(Saved data entries)
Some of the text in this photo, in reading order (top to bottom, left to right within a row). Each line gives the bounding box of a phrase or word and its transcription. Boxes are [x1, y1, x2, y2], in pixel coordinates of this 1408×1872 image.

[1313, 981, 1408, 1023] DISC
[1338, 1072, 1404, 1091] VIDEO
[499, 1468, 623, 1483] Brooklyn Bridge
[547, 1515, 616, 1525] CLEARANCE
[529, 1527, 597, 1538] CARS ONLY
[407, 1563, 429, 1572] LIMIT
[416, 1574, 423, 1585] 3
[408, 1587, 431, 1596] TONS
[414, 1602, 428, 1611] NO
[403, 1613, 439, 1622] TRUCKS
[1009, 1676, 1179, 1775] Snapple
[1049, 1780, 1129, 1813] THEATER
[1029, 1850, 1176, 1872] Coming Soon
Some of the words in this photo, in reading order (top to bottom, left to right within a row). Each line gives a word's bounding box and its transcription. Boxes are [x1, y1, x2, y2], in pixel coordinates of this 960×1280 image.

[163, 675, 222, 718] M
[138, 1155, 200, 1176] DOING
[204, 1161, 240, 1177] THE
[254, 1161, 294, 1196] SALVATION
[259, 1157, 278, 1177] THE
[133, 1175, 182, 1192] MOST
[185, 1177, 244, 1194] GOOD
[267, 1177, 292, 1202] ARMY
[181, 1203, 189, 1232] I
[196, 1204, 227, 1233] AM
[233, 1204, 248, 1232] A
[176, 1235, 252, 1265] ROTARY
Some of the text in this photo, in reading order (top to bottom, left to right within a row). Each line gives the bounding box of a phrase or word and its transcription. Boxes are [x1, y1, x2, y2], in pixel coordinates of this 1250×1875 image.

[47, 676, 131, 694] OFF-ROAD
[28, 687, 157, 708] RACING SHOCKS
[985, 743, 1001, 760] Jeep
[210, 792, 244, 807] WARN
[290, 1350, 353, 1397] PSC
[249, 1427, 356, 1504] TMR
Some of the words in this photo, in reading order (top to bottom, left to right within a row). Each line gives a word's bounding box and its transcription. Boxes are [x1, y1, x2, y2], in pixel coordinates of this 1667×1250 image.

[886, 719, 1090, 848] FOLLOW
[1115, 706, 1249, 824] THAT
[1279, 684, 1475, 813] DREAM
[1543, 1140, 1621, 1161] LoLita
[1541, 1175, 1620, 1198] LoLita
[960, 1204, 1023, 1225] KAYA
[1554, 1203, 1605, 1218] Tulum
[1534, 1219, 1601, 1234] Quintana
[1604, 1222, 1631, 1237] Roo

● **REQUIRED WORK**: Repeat the whole of the data above exactly as it appears.

● **EXERCISE RESPONSE**:
Some of the text in this photo, in reading order (top to bottom, left to right within a row). Each line gives the bounding box of a phrase or word and its transcription. Boxes are [x1, y1, x2, y2], in pixel coordinates of this 1408×1872 image.

[1313, 981, 1408, 1023] DISC
[1338, 1072, 1404, 1091] VIDEO
[499, 1468, 623, 1483] Brooklyn Bridge
[547, 1515, 616, 1525] CLEARANCE
[529, 1527, 597, 1538] CARS ONLY
[407, 1563, 429, 1572] LIMIT
[416, 1574, 423, 1585] 3
[408, 1587, 431, 1596] TONS
[414, 1602, 428, 1611] NO
[403, 1613, 439, 1622] TRUCKS
[1009, 1676, 1179, 1775] Snapple
[1049, 1780, 1129, 1813] THEATER
[1029, 1850, 1176, 1872] Coming Soon
Some of the words in this photo, in reading order (top to bottom, left to right within a row). Each line gives a word's bounding box and its transcription. Boxes are [x1, y1, x2, y2], in pixel coordinates of this 960×1280 image.

[163, 675, 222, 718] M
[138, 1155, 200, 1176] DOING
[204, 1161, 240, 1177] THE
[254, 1161, 294, 1196] SALVATION
[259, 1157, 278, 1177] THE
[133, 1175, 182, 1192] MOST
[185, 1177, 244, 1194] GOOD
[267, 1177, 292, 1202] ARMY
[181, 1203, 189, 1232] I
[196, 1204, 227, 1233] AM
[233, 1204, 248, 1232] A
[176, 1235, 252, 1265] ROTARY
Some of the text in this photo, in reading order (top to bottom, left to right within a row). Each line gives the bounding box of a phrase or word and its transcription. Boxes are [x1, y1, x2, y2], in pixel coordinates of this 1250×1875 image.

[47, 676, 131, 694] OFF-ROAD
[28, 687, 157, 708] RACING SHOCKS
[985, 743, 1001, 760] Jeep
[210, 792, 244, 807] WARN
[290, 1350, 353, 1397] PSC
[249, 1427, 356, 1504] TMR
Some of the words in this photo, in reading order (top to bottom, left to right within a row). Each line gives a word's bounding box and its transcription. Boxes are [x1, y1, x2, y2], in pixel coordinates of this 1667×1250 image.

[886, 719, 1090, 848] FOLLOW
[1115, 706, 1249, 824] THAT
[1279, 684, 1475, 813] DREAM
[1543, 1140, 1621, 1161] LoLita
[1541, 1175, 1620, 1198] LoLita
[960, 1204, 1023, 1225] KAYA
[1554, 1203, 1605, 1218] Tulum
[1534, 1219, 1601, 1234] Quintana
[1604, 1222, 1631, 1237] Roo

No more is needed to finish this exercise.